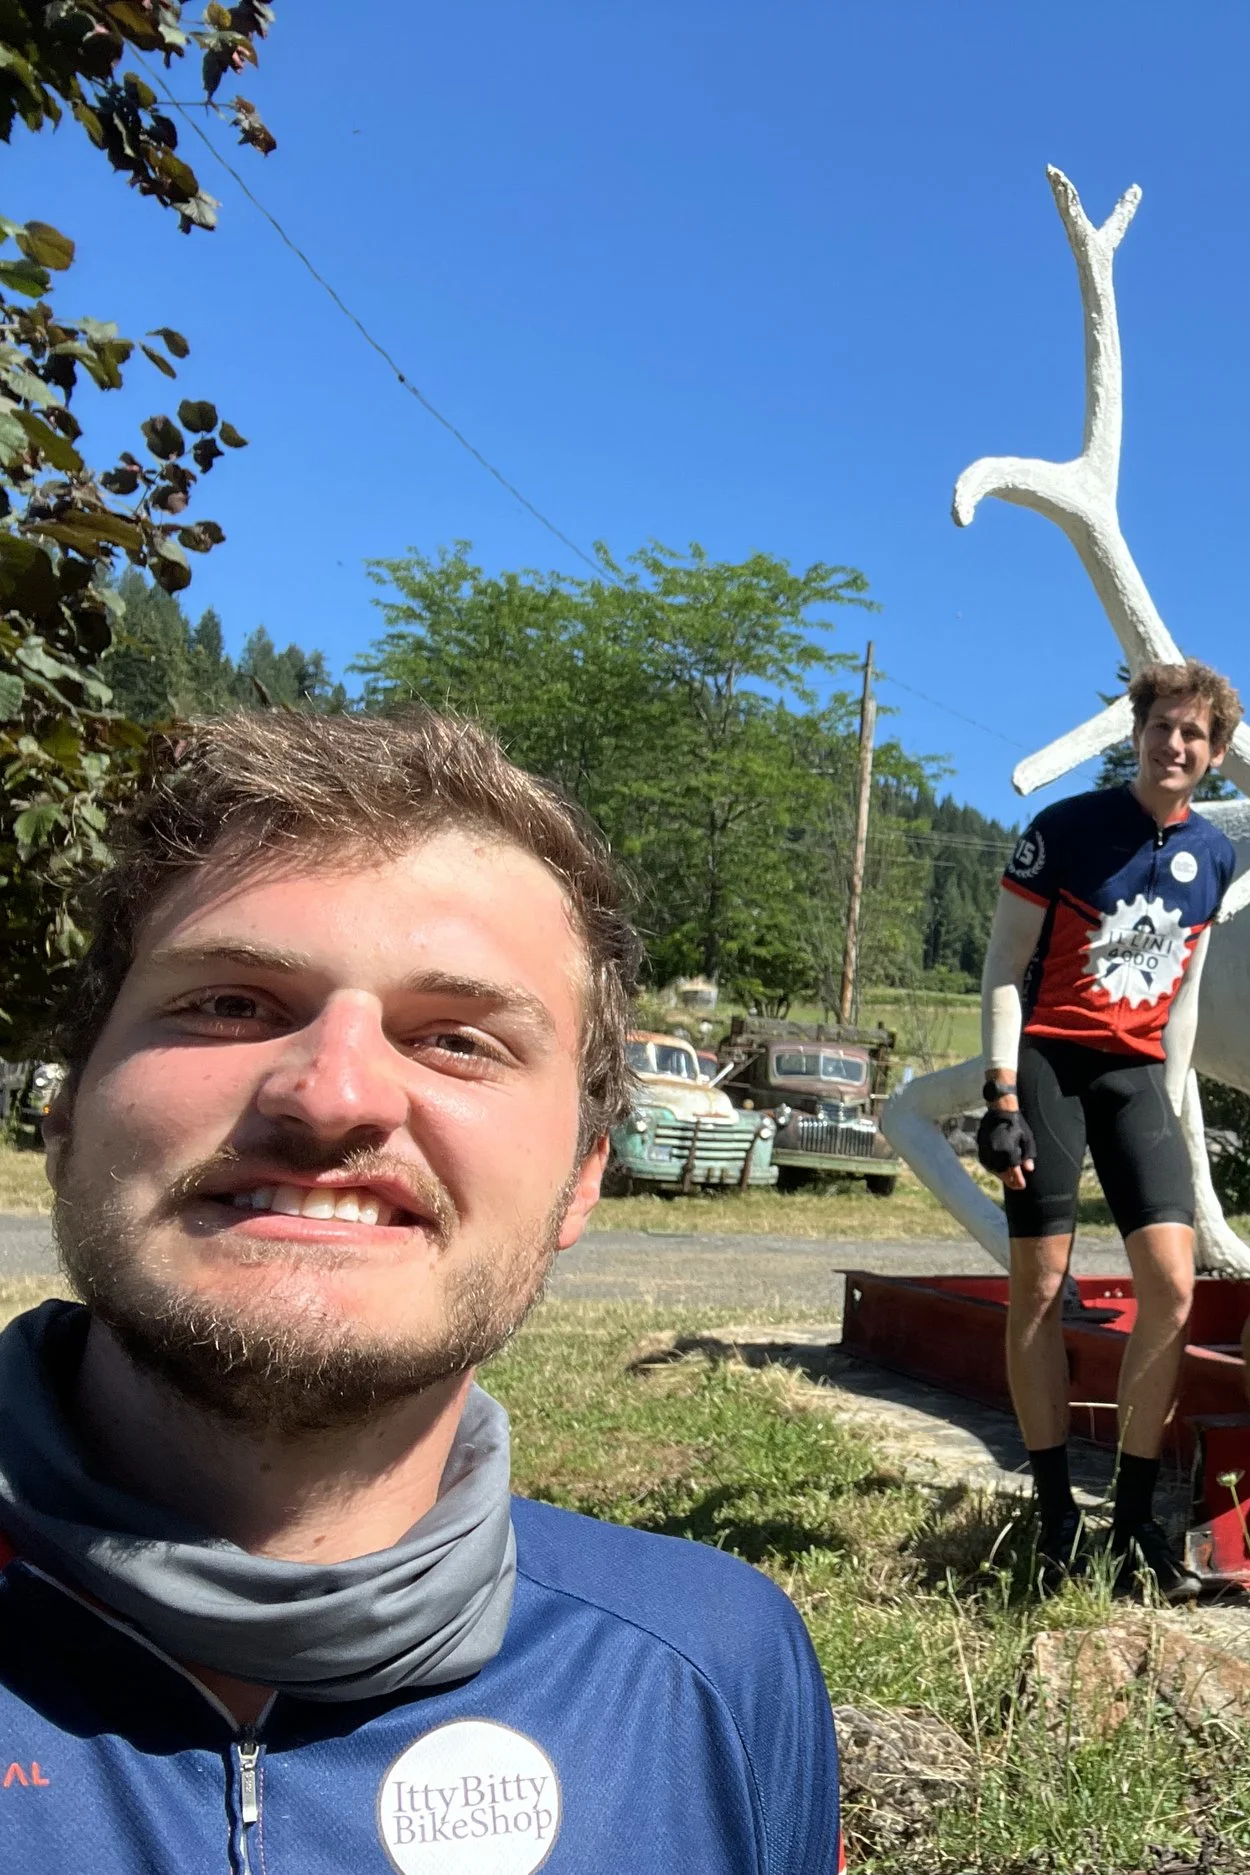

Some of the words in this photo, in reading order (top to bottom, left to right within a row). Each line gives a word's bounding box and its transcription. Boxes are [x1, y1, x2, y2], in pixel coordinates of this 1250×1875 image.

[1015, 839, 1035, 867] 15
[1109, 931, 1172, 954] ILLINI
[1108, 948, 1159, 970] 4000
[392, 1773, 550, 1822] IttyBitty
[393, 1804, 552, 1845] BikeShop
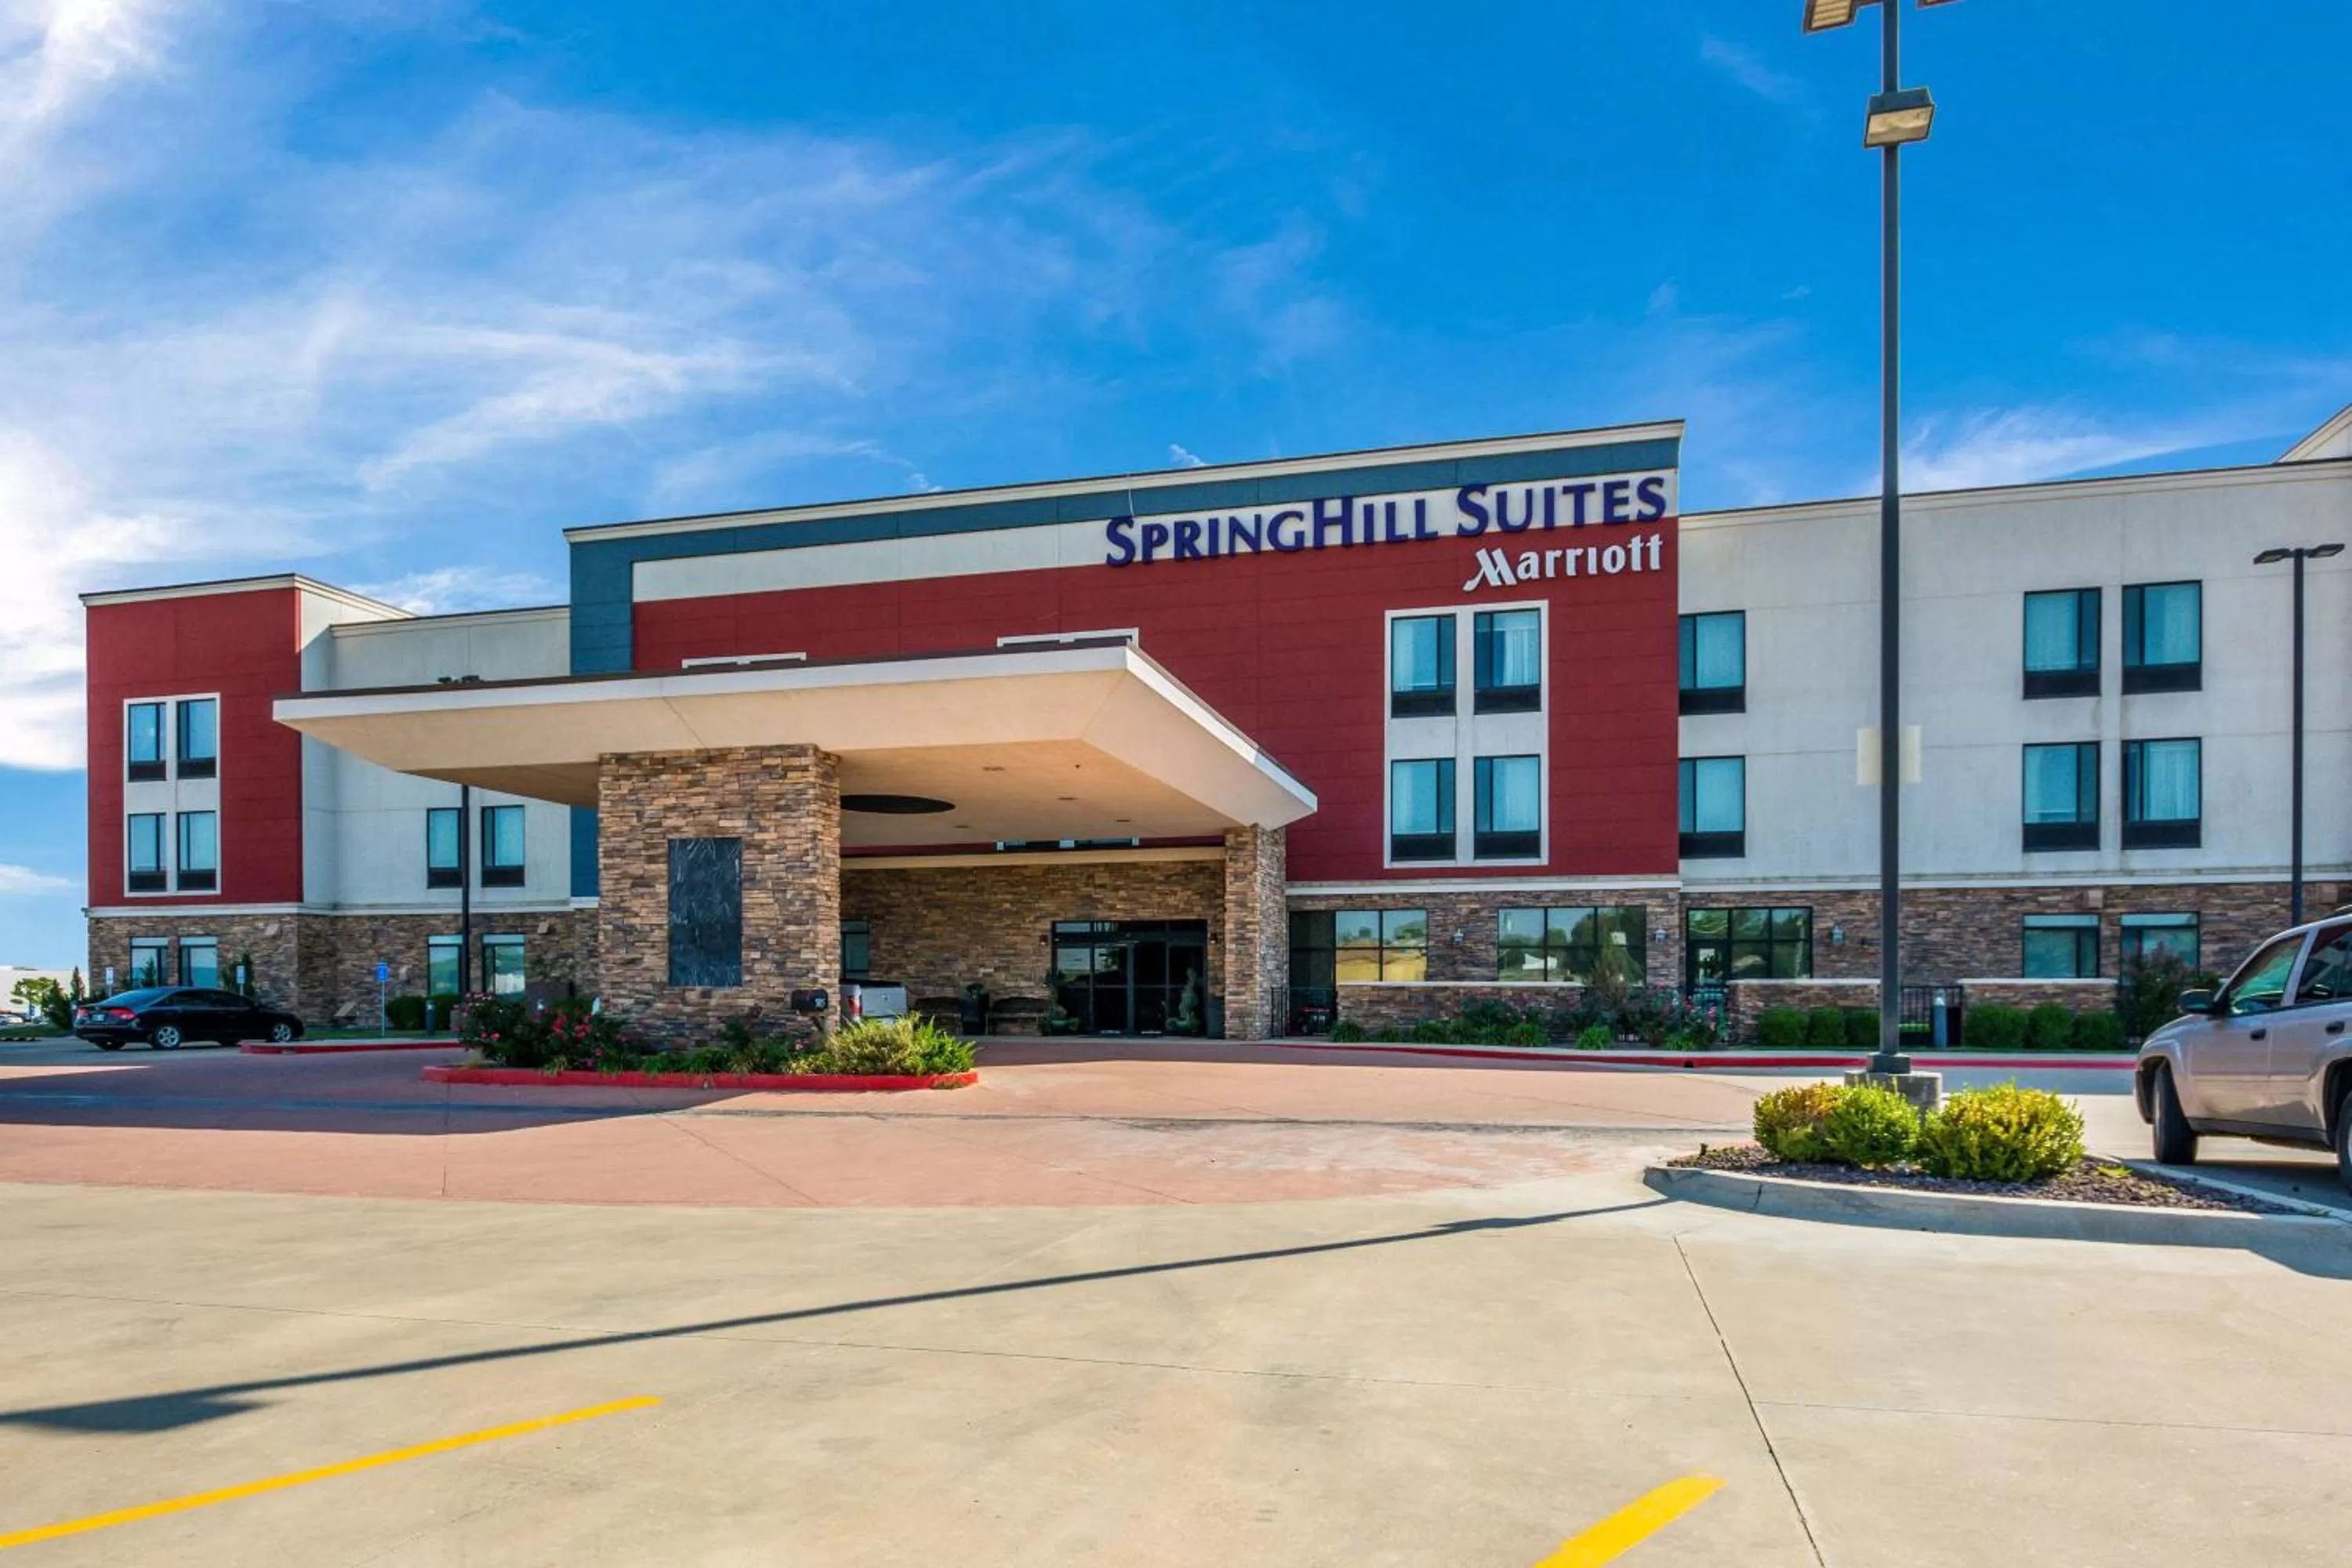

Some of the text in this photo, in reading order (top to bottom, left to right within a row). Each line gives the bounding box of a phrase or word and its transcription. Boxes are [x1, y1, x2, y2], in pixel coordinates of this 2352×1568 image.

____

**Task statement:** Give the entries again without a single change, but with no pictures.

**Answer to the problem:**
Some of the words in this photo, in reading order (top to bottom, left to right within a row). Each line gives a word's bounding box and its transcription. Boxes are [x1, y1, x2, y2], in pixel coordinates of this 1250×1875 image.

[1015, 839, 1035, 867] 15
[1109, 931, 1172, 954] ILLINI
[1108, 948, 1159, 970] 4000
[392, 1773, 550, 1822] IttyBitty
[393, 1804, 552, 1845] BikeShop

Some of the text in this photo, in reading order (top to bottom, left to right within a row). Each line gives the bounding box of a phrase or word and its transcription. Boxes are [x1, y1, x2, y2], in pixel coordinates of this 2352×1568 image.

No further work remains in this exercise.